Lines and Leaders – Start with two lines, a floater and a full sink with midrange sink rate. Mainly, you’ll want the full sink line vs. sink tip or other variety for subsurface depths. A lot of less experienced fishers don’t understand the difference in the water. In short, the full sink gets down to where you need to be, while the others will keep your fly a lot higher up than you might realize. This is one of the more common mistakes that will keep you out of the zone and away from fish in lakes.

For reference, I’m using just two lines myself and, no surprise, one is a basic floater while the other is a midrange full sink. The floater is the equivalent of the current Orvis Hydros Trout WF-5, nothing fancy. My sinker is an SA Sonar Stillwater 5 wt., Sink 3 / Sink 5. The dual sink rate is a “newer” attribute that claims to further balance the line as it sinks. I don’t really notice the difference (vs. a single sink rate) but it casts and sinks as well as anything. Overall, the choice of fly line is up to you. Start with the two and you’re covered, regardless of any others you may wish to add.

Leader and tippet also come in an array of choices. For your floater, start with a 9 ft. 3X monofilament leader and 4X mono tippet material, 24” to 30” is fine. I error on the side of a longer tippet to allow plenty of room for “fly changes.” If you’re somewhat clumsy like me, you’ll want to do the same. The 4X size will provide some additional strength while still working with flies generally down to #16. And I’ve never known leader/tippet size by itself to spook fish. Generally, poor presentation or perhaps too large a fly is more likely to put them off.

For your sinker, a 6 ft. to 7.5 ft. 2X fluorocarbon leader and 3X fluoro tippet (24-30”) will cast nicely while allowing plenty of strength underwater. Note, you can use mono with just as much success, and many anglers also opt for a much shorter leader for subsurface presentation. It all works. Personally, I find the longer leader casts a lot better since my style of fishing calls for a lot of casting and stripping.
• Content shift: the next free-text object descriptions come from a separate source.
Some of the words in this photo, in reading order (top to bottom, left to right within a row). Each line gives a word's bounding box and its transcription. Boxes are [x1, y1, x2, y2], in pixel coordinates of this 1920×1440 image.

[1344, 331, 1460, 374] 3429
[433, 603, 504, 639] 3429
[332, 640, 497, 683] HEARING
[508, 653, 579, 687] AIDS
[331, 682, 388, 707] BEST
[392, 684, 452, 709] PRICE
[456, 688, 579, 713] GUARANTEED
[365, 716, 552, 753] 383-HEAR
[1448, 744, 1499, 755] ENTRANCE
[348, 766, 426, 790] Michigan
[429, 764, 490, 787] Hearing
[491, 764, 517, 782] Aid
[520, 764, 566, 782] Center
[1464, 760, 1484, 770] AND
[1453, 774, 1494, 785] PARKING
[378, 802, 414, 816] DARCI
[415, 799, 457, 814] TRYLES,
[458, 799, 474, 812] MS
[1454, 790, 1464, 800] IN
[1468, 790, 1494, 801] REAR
Before I move on, let’s talk flies. I’ll identify just six to get you off and running. These will cover lakes from January to December and equip you for most situations in general. Notice I’m not getting overly exact for each fly, so there’s room for variation:

Minnow #6 (light color or white), Leech #8 (dark color), Damsel Nymph #10, Gold Ribbed Hare’s Ear (GRHE) #12, Mayfly Emerger #14 (can be flush-floating or descending-body), Chironomid #14 (black or red – get both). For chironomid fishing you’ll also need a strike indicator, that’s the fly-fishing version of a bobber. Plenty of choices there and easy to find, I’ll leave the rest to you.


My six: Top row - Flashy Lady Minnow #6 (Black/White), Bead Head Simi Seal Leech #8 (Crawdad), Damsel Nymph #10; Bottom row - GRHE #12, Callibaetis Challenged Emerger #14, Red Chironomid Bomber #14.
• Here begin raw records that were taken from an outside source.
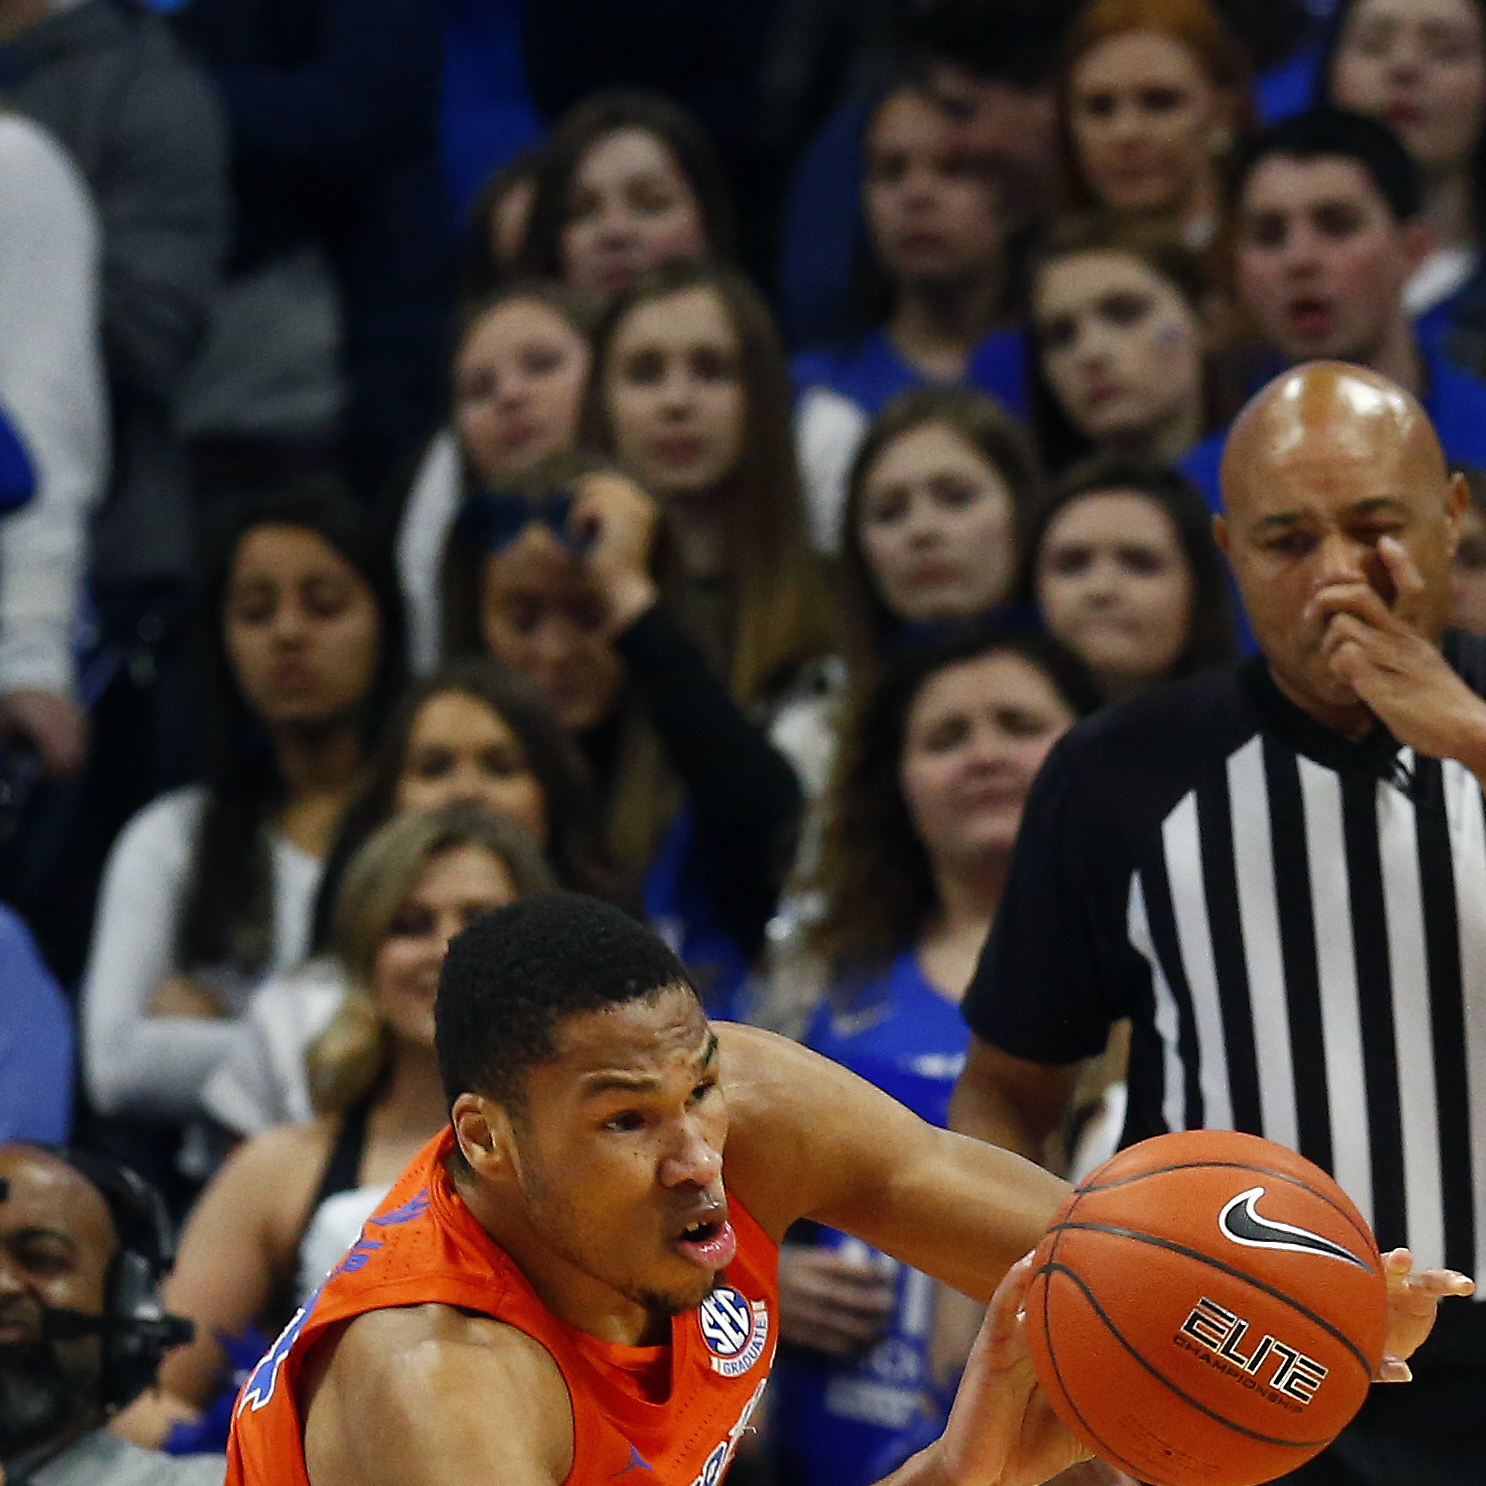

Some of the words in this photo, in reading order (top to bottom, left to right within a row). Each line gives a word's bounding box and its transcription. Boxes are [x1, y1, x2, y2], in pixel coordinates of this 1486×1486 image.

[701, 1287, 751, 1357] SEC
[721, 1316, 768, 1376] GRADUATE
[1180, 1296, 1329, 1405] ELITE
[1172, 1334, 1304, 1414] CHAMPIONSHIP
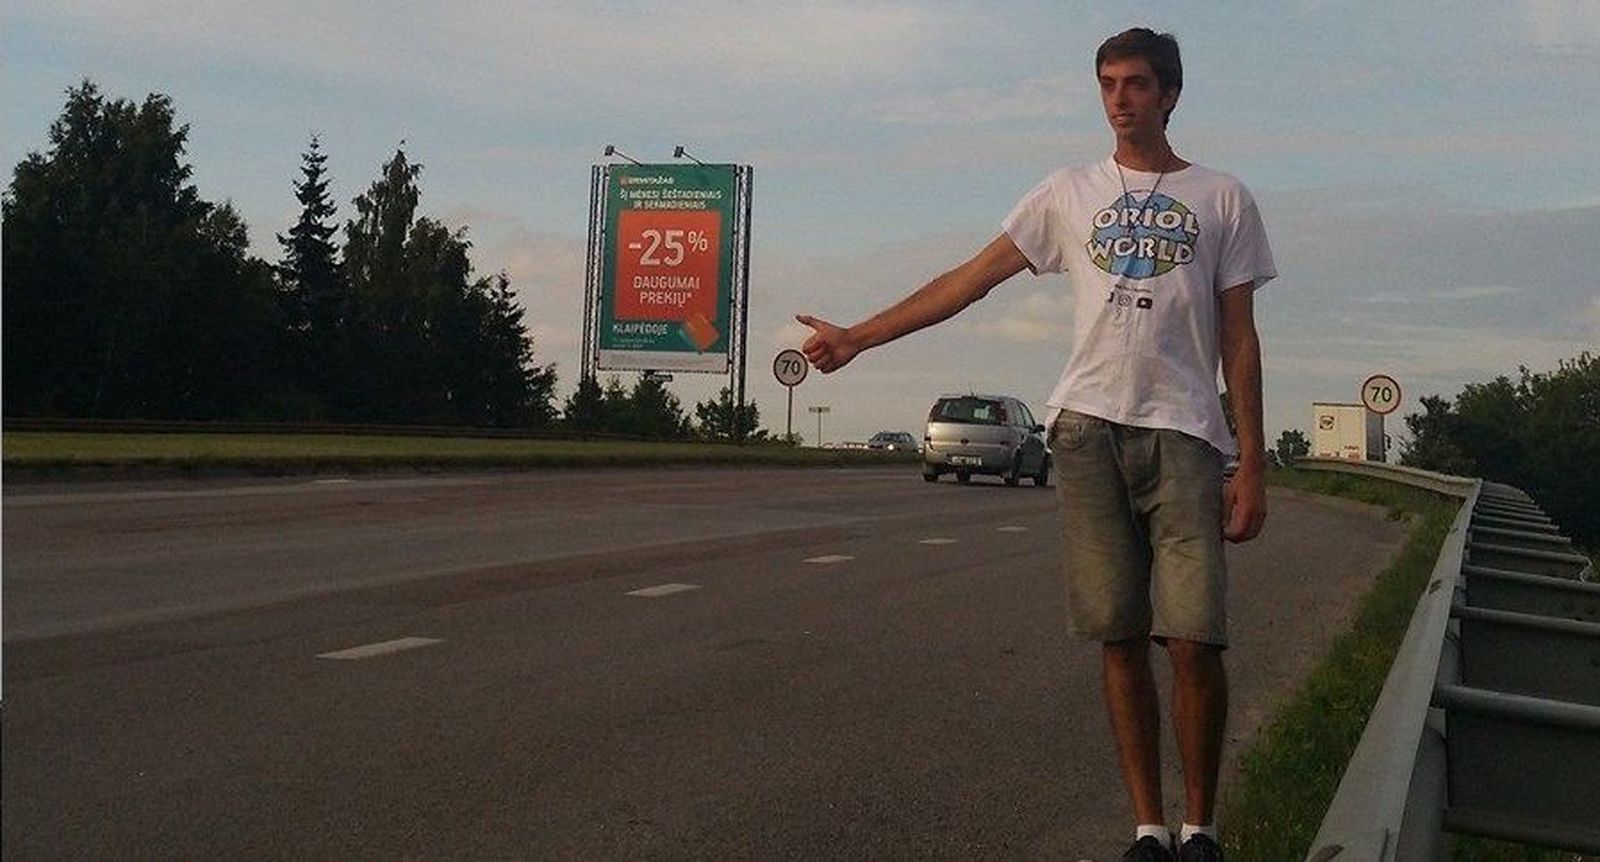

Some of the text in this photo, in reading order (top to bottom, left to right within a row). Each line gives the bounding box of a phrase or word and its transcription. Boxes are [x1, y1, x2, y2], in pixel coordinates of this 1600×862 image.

[1094, 207, 1199, 235] ORIOL
[1086, 237, 1195, 264] WORLD
[633, 276, 701, 290] DAUGUMAI
[781, 360, 800, 375] 70
[1371, 386, 1392, 403] 70
Six doesn’t sound like much, but I’m using only three myself and that’s at the most. I tend to use one, the leech, most of the time. Admittedly, I’m somewhat of a minimalist, and likely you’ll go way up from the six, but know that you really don’t need a big variety of flies to attract trout in lakes.

Final note on flies, barbless is best.

Species of Trout

In a word or so, you can find rainbow, cutthroat, brown, brook, tiger, golden and others less common, all in Washington waters. For our purposes, I’m treating them all alike, and we’ll operate on the premise that a trout is a trout. Know that it doesn’t stop there, and plenty can be learned about each. Specific behaviors and characteristics will distinguish certain species from others. Here we’ll consider that a more advanced topic.


Washington’s various species of trout are easily recognizable by their markings. This colorful fall brookie certainly supports that.